A l’angle de la rue du Cherche-Midi et du boulevard Montparnasse, il y a un petit café débit-de-tabac qui s’appelle le chien qui fume. C’est là, sur la terrasse, que nous nous sommes arrêtés, Barnavaux et moi : il est cinq heures du soir.

Le vent du crépuscule, vers cette fin de septembre, a déjà séché les feuilles des arbres. Elles traînent à terre, toutes roussies, raides, recroquevillées, craquantes ; il s’en exhale une odeur amère et mélancolique et qui pourtant, par un retour inattendu, vous fait songer à vos premières années de jeunesse, à votre toute petite enfance. Car alors on avait la tête plus près de terre, comme ces bassets aux pattes courtes dont l’odorat aigu découvre plus aisément, sur le sol et dans la mousse, les imperceptibles fumées qui dénoncent le passage des lièvres. Voilà pourquoi il vous émeut, ce parfum sauvage et triste.
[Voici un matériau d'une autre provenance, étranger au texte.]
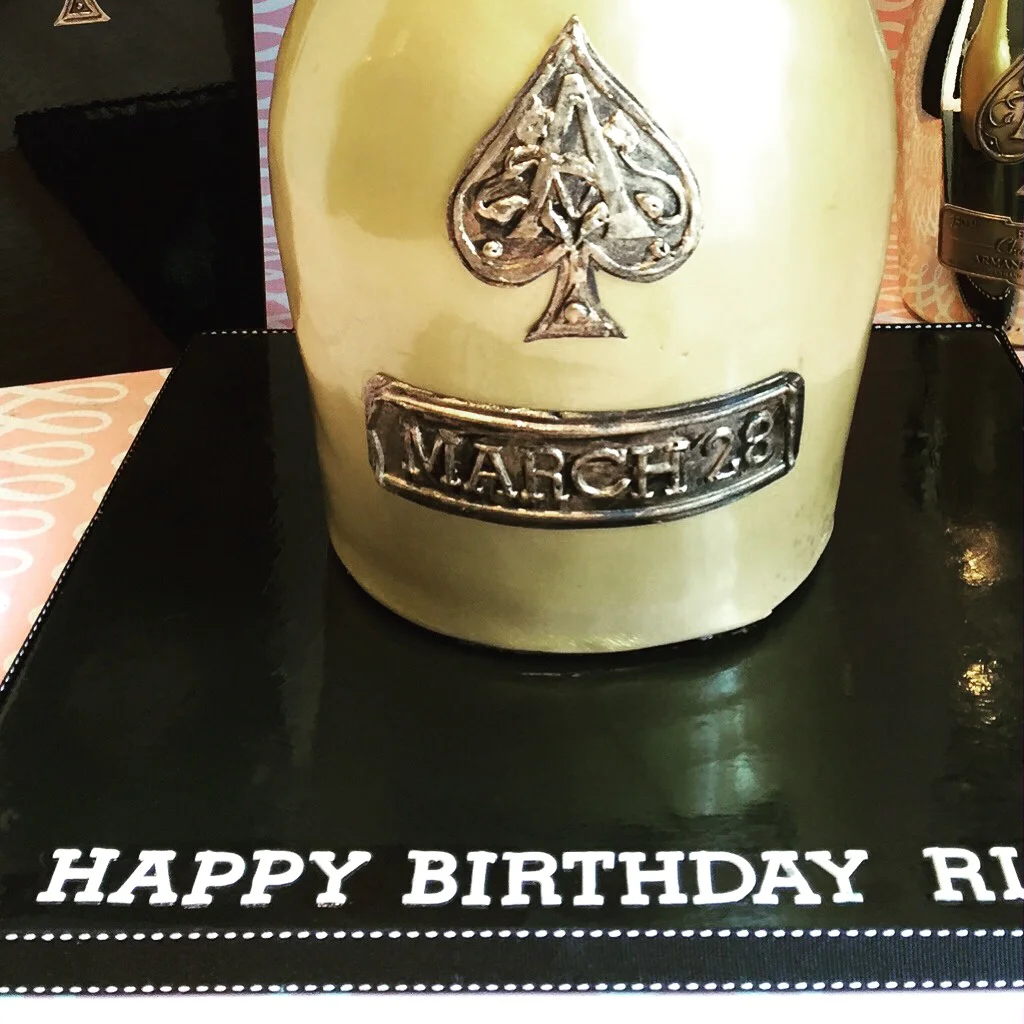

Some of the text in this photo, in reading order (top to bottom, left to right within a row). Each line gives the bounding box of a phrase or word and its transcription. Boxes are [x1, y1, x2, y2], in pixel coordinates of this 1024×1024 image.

[402, 409, 775, 500] MARCH 28
[36, 847, 372, 908] HAPPY
[401, 848, 869, 906] BIRTHDAY
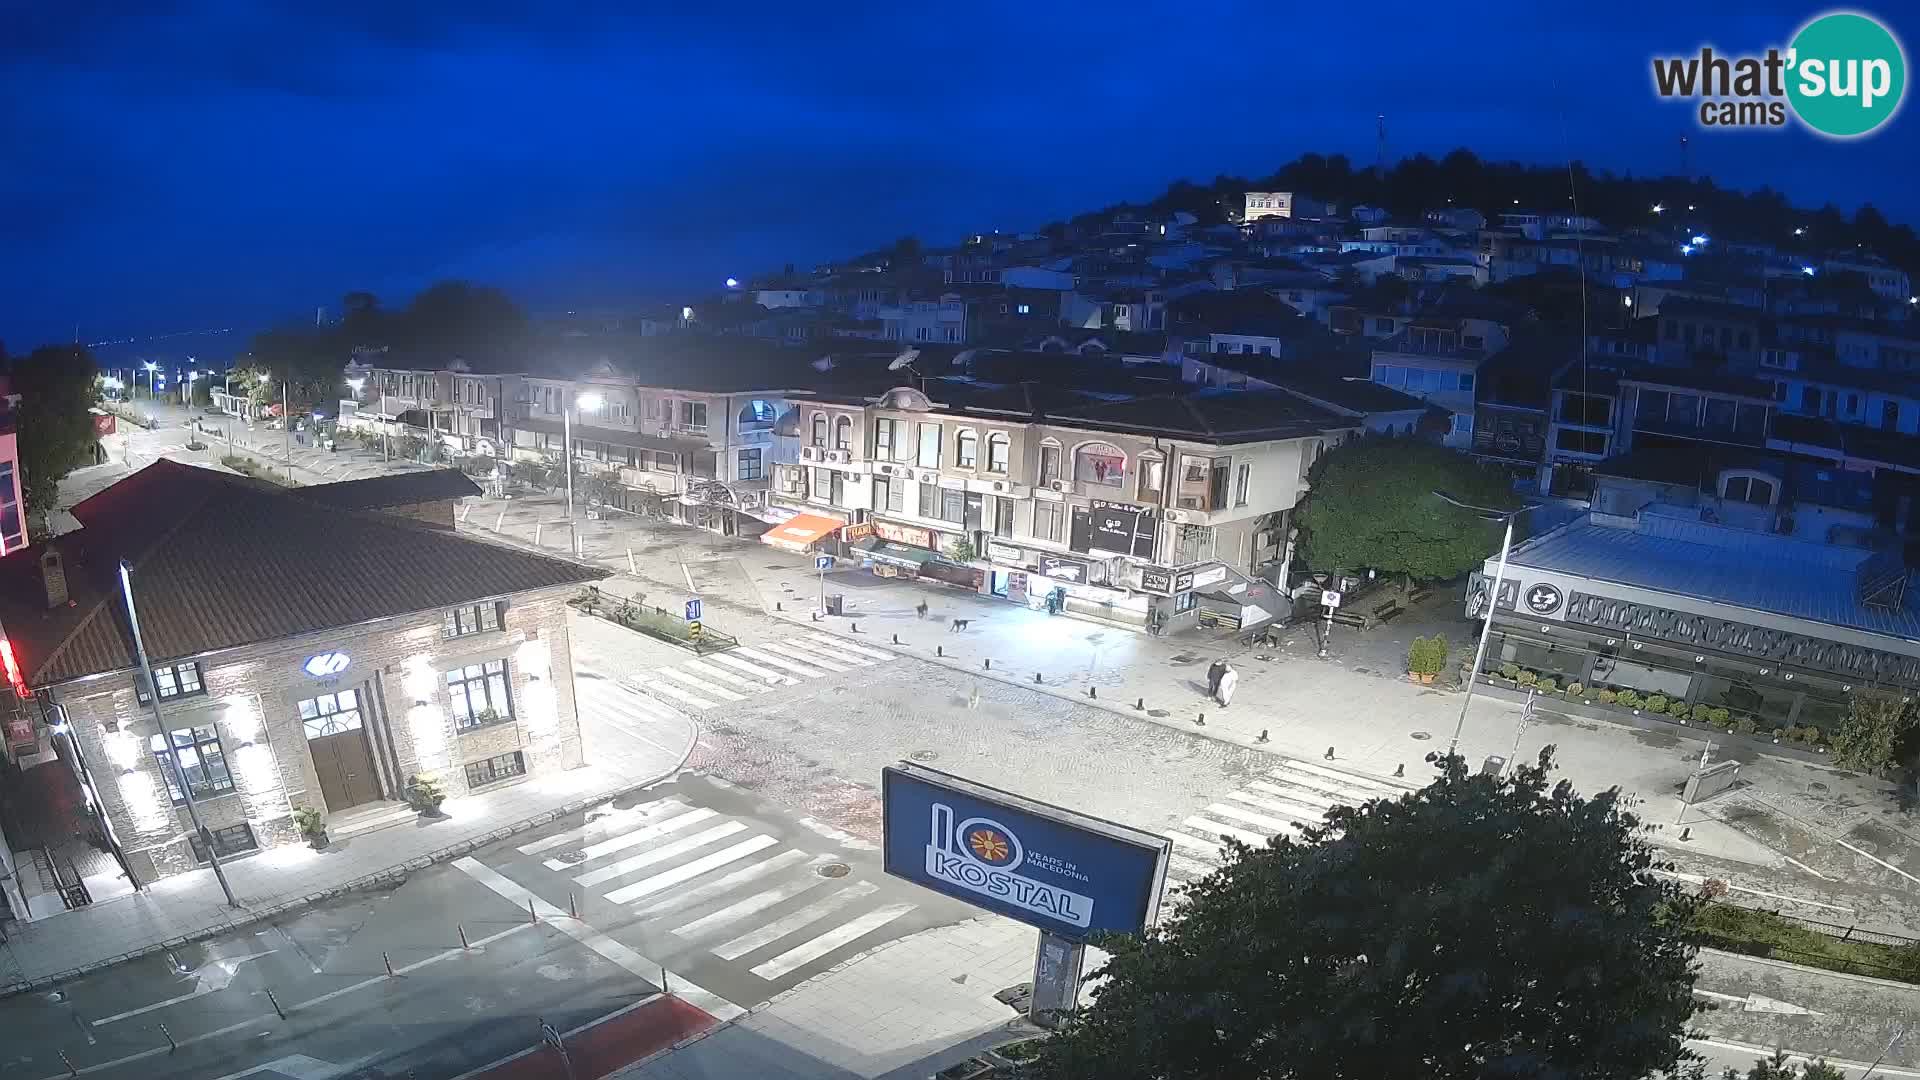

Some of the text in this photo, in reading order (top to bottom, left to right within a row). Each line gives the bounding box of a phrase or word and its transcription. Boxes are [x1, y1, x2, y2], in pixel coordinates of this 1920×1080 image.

[819, 558, 827, 568] P
[1027, 851, 1077, 871] YEARS IN
[1027, 858, 1089, 882] MACEDONIA
[936, 853, 1080, 920] KOSTAL
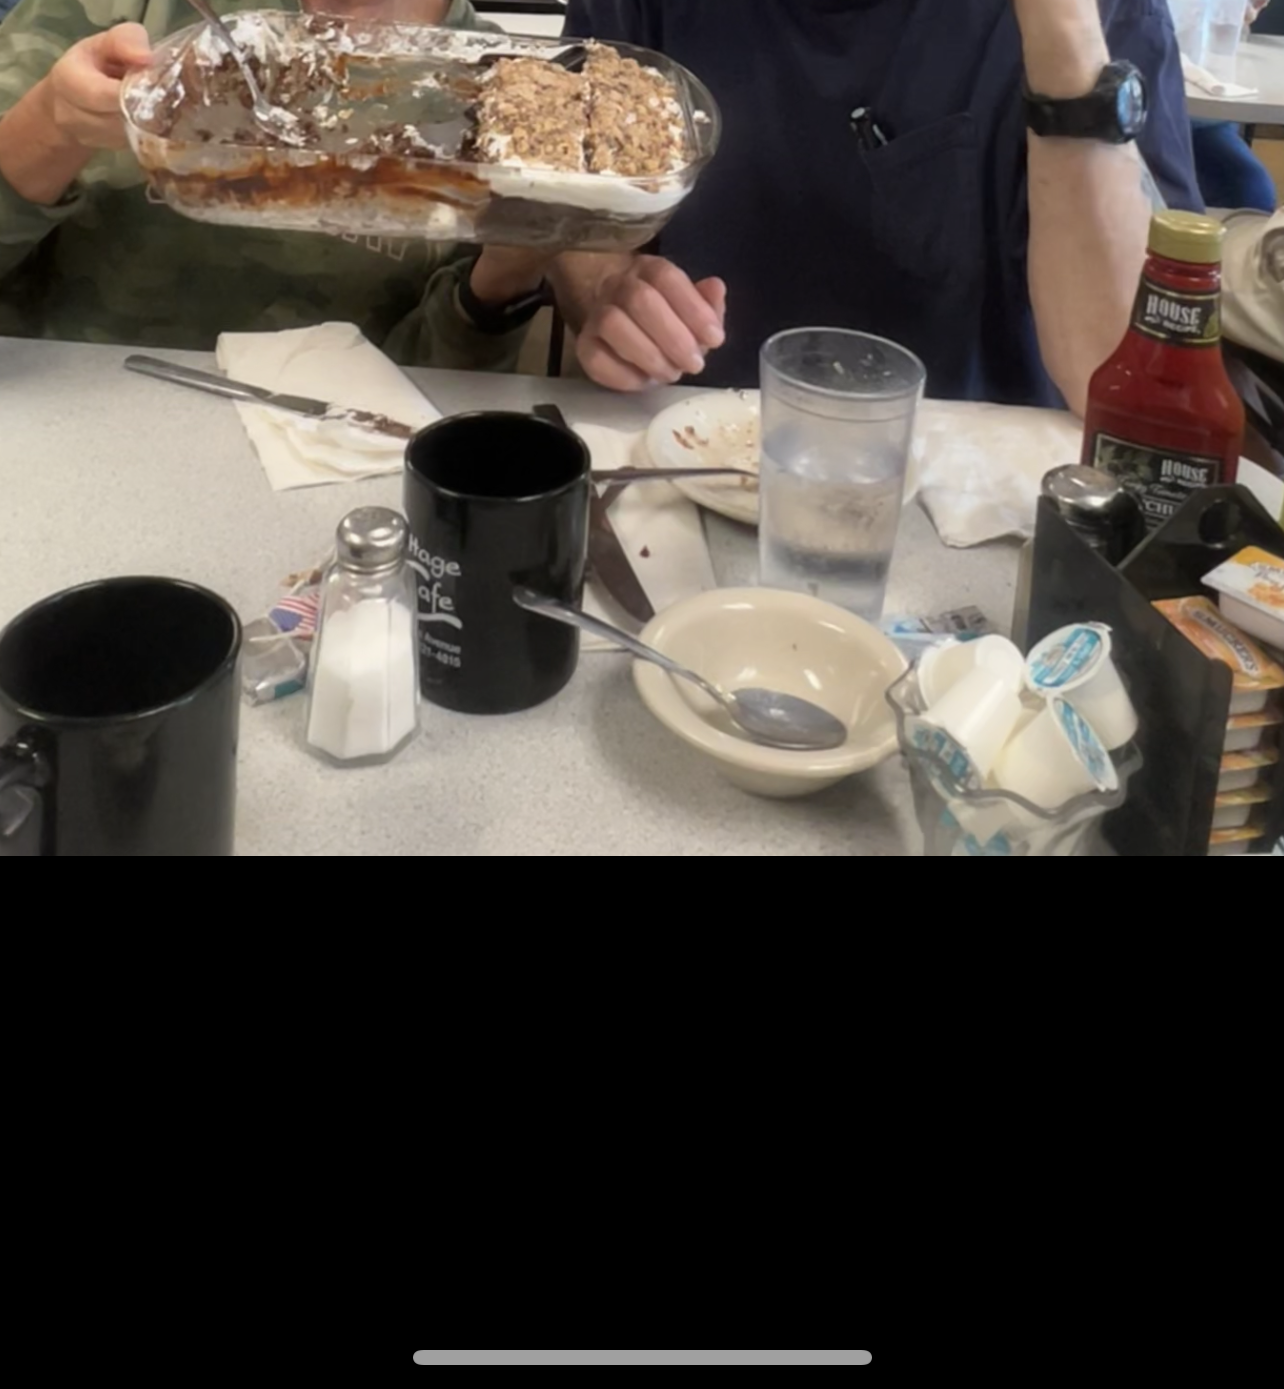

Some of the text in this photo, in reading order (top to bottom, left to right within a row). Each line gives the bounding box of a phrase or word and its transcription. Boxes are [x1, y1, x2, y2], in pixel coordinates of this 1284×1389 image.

Il montait alors plus puissant aux narines ; maintenant en nous il reste associé au souvenir des vieux jardins dans lesquels on a joué, des premières imaginations qu’on s’est faites de forêts qu’on ne connaissait pas encore, des premières femmes qui vous ont pris la main, en vous donnant des ordres, mais en vous baisant le front et les yeux. Et le ciel, ce jour-là, est sublime. Si bleu au-dessus de nos têtes, d’un vert si magnifiquement mêlé d’or à l’horizon, avec de petits nuages très hauts, très clairs, très légers, des nuages pour déesses ou saintes vierges ! Barnavaux sent comme moi le miracle de l’heure. Seulement, à la manière de presque tous les hommes simples, il ne s’émeut pas consciemment aux incantations muettes de la nature. Il y est aussi sensible que moi, mais il ne se rend pas compte qu’il les sent : ça le fait seulement penser à autre chose, plus fort. Et alors il prononce cette phrase qui m’étonne une seconde :

— C’est un temps, un temps… où on voudrait être aimé par une femme de quarante ans qui aurait du violet sur son chapeau !

Puis il se replonge dans sa rêverie, que j’hésite à troubler.

Tout à coup, des hauteurs de l’avenue du Maine, descend une masse altière et blafarde dont le sommet atteint presque la cime effeuillée des lilas du Japon. Barnavaux, qui connaît le quartier, comprend tout de suite.

— Une statue qui va en voiture jusque là-bas, vous savez, aux Champs-Elysées.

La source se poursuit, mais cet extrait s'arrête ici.